++++ Material supplied

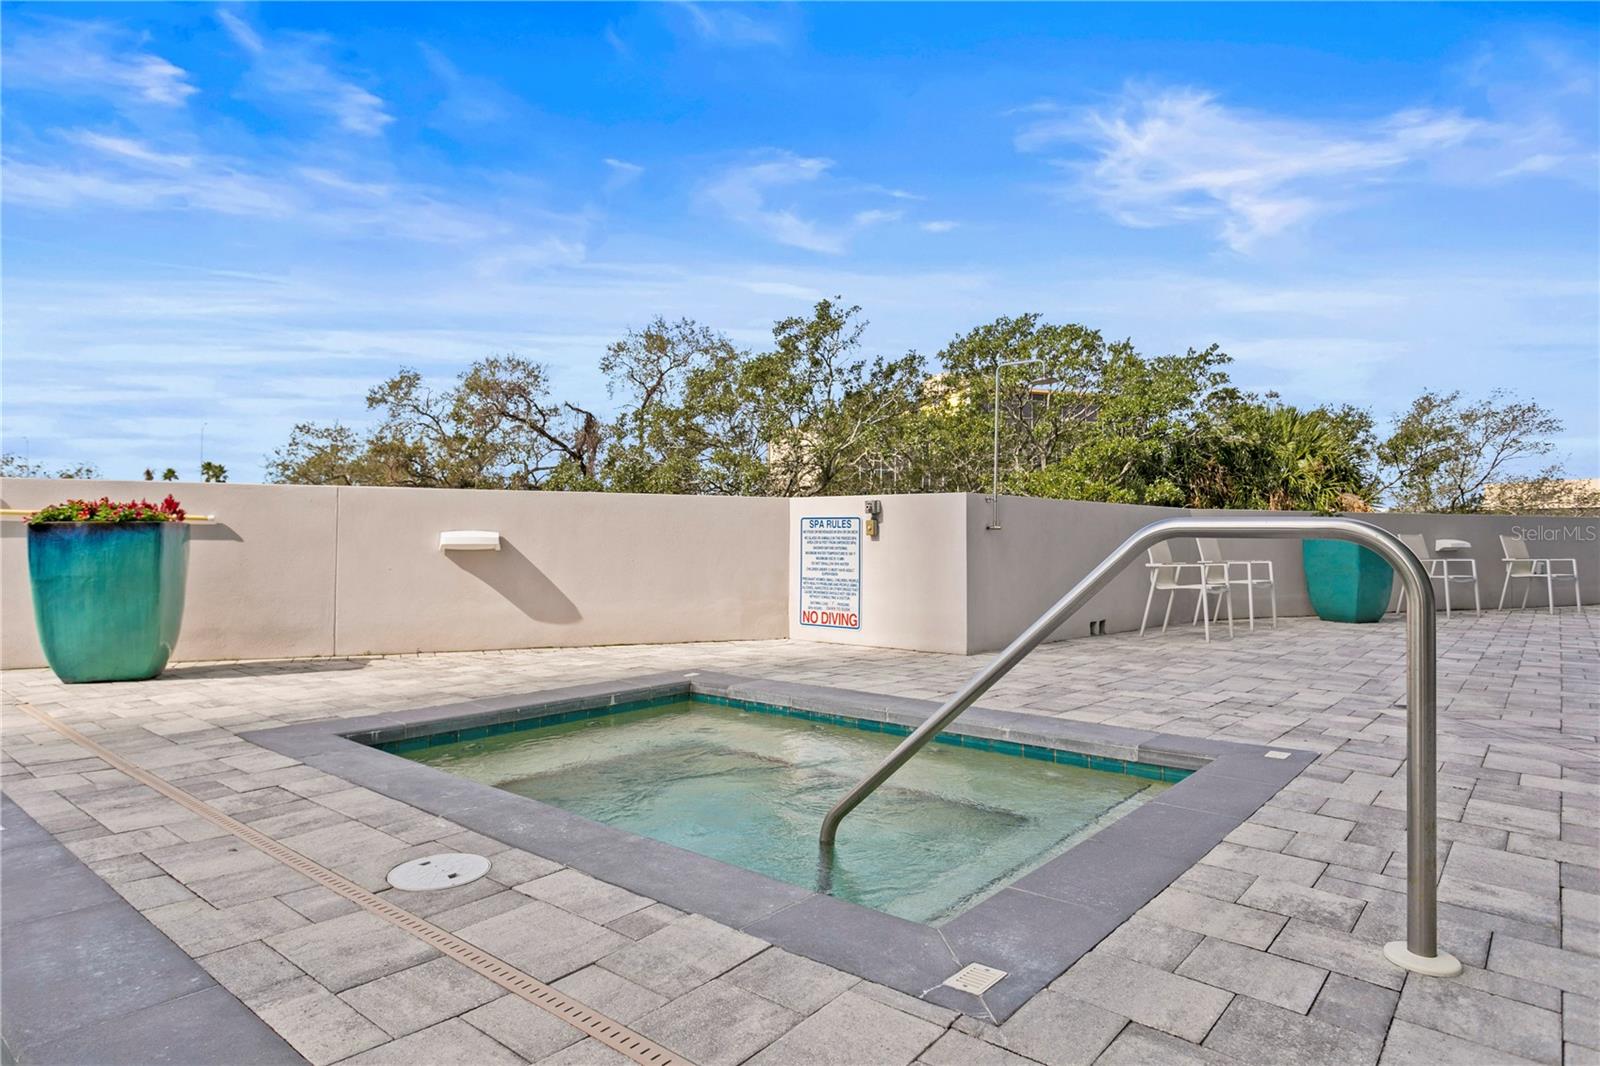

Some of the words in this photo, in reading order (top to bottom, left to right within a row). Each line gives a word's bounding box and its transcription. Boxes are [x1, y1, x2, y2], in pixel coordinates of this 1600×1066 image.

[809, 519, 825, 529] SPA
[826, 519, 852, 529] RULES
[802, 610, 819, 624] NO
[821, 611, 858, 627] DIVING
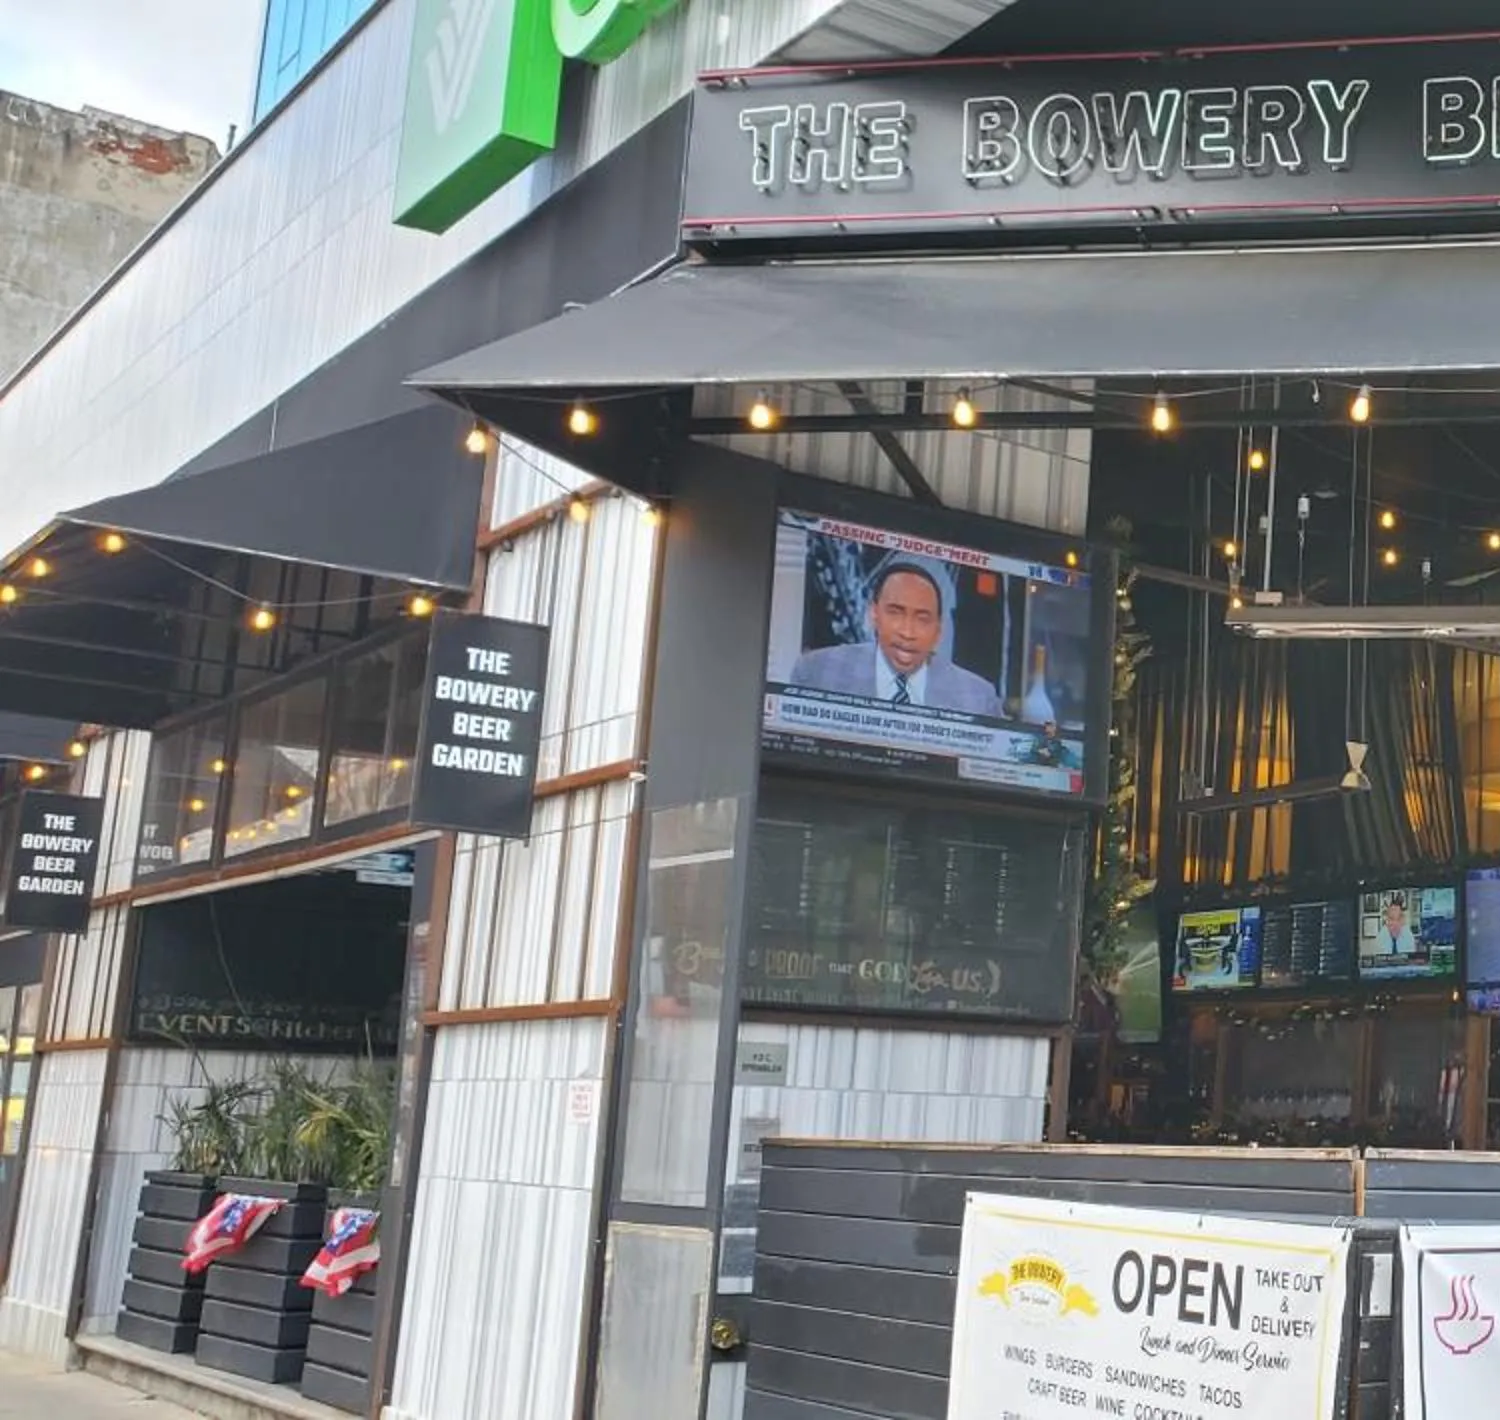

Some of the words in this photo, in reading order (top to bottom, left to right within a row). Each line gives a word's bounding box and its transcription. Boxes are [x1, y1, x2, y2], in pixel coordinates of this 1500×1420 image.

[740, 101, 906, 187] THE
[962, 80, 1370, 178] BOWERY
[821, 521, 886, 545] PASSING
[466, 647, 512, 675] THE
[436, 675, 537, 713] BOWERY
[452, 711, 512, 742] BEER
[432, 743, 525, 777] GARDEN
[43, 813, 76, 831] THE
[21, 832, 93, 854] BOWERY
[33, 855, 76, 873] BEER
[18, 875, 85, 896] GARDEN
[1112, 1249, 1245, 1331] OPEN
[1255, 1268, 1290, 1290] TAKE
[1293, 1273, 1324, 1293] OUT
[1280, 1295, 1290, 1313] &
[1252, 1315, 1316, 1339] DELIVERY
[1139, 1325, 1170, 1357] Lunch
[1175, 1334, 1197, 1355] and
[1199, 1335, 1240, 1364] Dinner
[1004, 1344, 1037, 1366] WINGS
[1045, 1352, 1093, 1380] BURGERS
[1105, 1365, 1187, 1398] SANDWICHES
[1199, 1382, 1243, 1410] TACOS
[1027, 1376, 1058, 1398] CRAFT
[1058, 1386, 1088, 1407] BEER
[1095, 1394, 1125, 1417] WINE
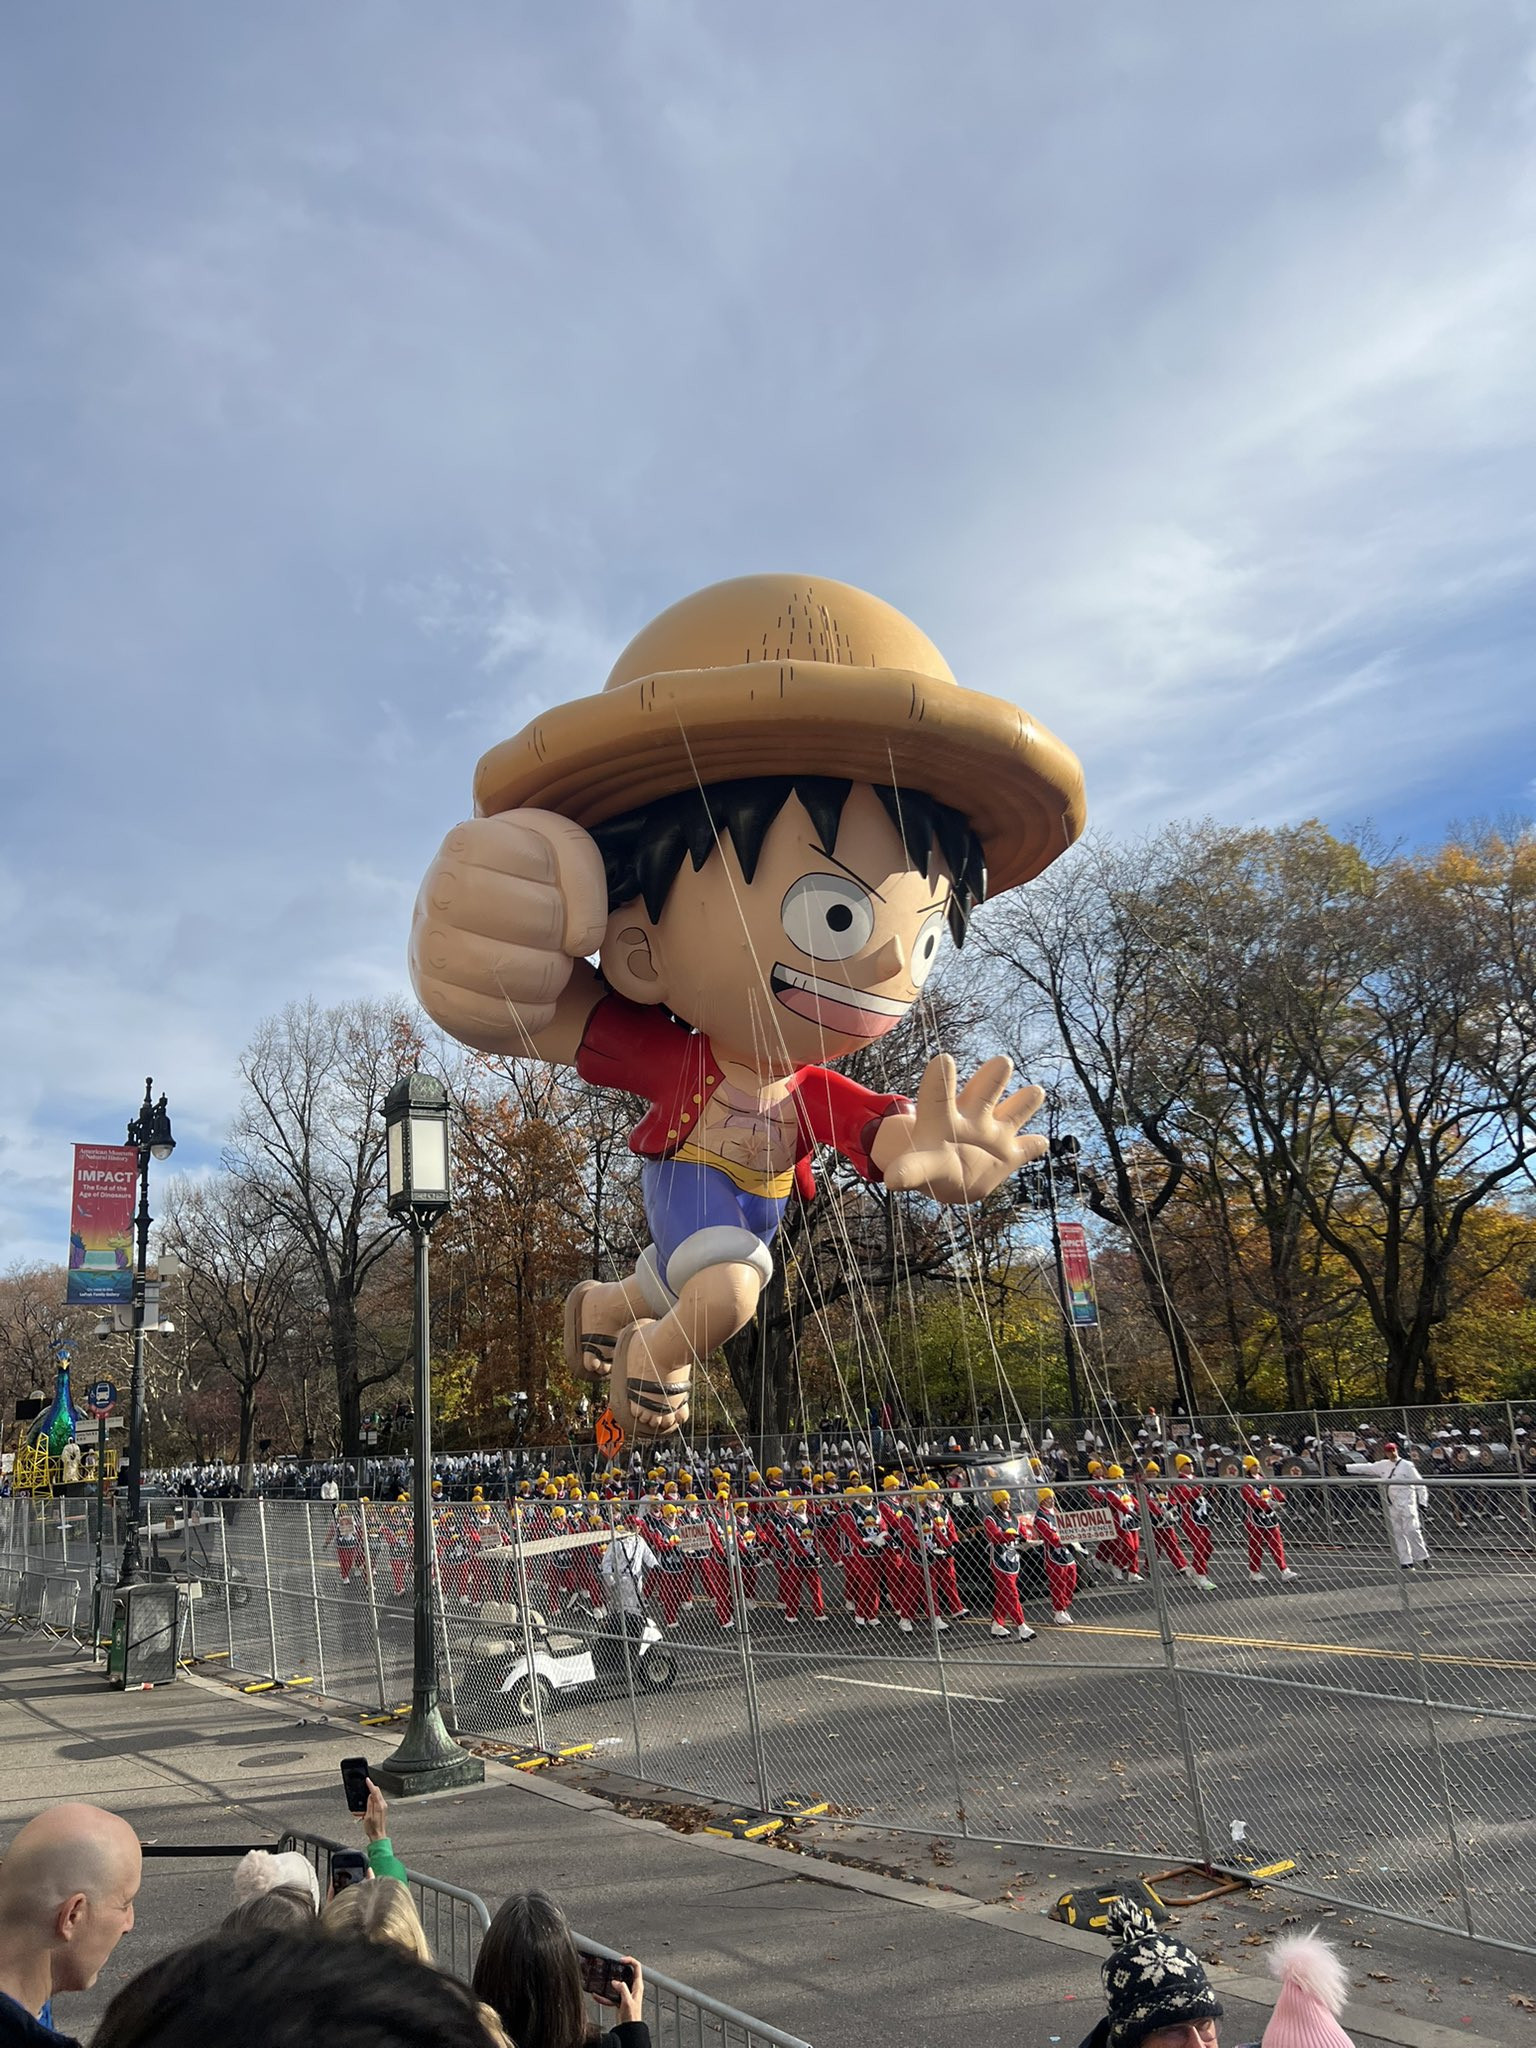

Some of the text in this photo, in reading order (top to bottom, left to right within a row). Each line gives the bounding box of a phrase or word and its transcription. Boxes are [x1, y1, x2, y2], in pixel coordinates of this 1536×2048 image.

++++++++

— Your instructions —
Return the complete data unchanged and include none of the pictures.

— Solution to this exercise —
Some of the words in this photo, in reading order (top to bottom, left to right within a row). Each line gives a word's bounding box and its transcription. Boxes are [x1, y1, x2, y2], in pixel coordinates of this 1600×1066 image.

[809, 519, 825, 529] SPA
[826, 519, 852, 529] RULES
[802, 610, 819, 624] NO
[821, 611, 858, 627] DIVING

Some of the words in this photo, in reading order (top to bottom, left to right within a row). Each line gives a word's bounding box and its transcription. Boxes are [x1, y1, x2, y2], in pixel coordinates of this 1500×1420 image.

[740, 101, 906, 187] THE
[962, 80, 1370, 178] BOWERY
[821, 521, 886, 545] PASSING
[466, 647, 512, 675] THE
[436, 675, 537, 713] BOWERY
[452, 711, 512, 742] BEER
[432, 743, 525, 777] GARDEN
[43, 813, 76, 831] THE
[21, 832, 93, 854] BOWERY
[33, 855, 76, 873] BEER
[18, 875, 85, 896] GARDEN
[1112, 1249, 1245, 1331] OPEN
[1255, 1268, 1290, 1290] TAKE
[1293, 1273, 1324, 1293] OUT
[1280, 1295, 1290, 1313] &
[1252, 1315, 1316, 1339] DELIVERY
[1139, 1325, 1170, 1357] Lunch
[1175, 1334, 1197, 1355] and
[1199, 1335, 1240, 1364] Dinner
[1004, 1344, 1037, 1366] WINGS
[1045, 1352, 1093, 1380] BURGERS
[1105, 1365, 1187, 1398] SANDWICHES
[1199, 1382, 1243, 1410] TACOS
[1027, 1376, 1058, 1398] CRAFT
[1058, 1386, 1088, 1407] BEER
[1095, 1394, 1125, 1417] WINE

Some of the text in this photo, in reading order (top to bottom, left to right within a row). Each line gives the bounding box of a phrase or word and its transcription. Boxes are [x1, y1, x2, y2], in pixel coordinates of this 1536×2048 image.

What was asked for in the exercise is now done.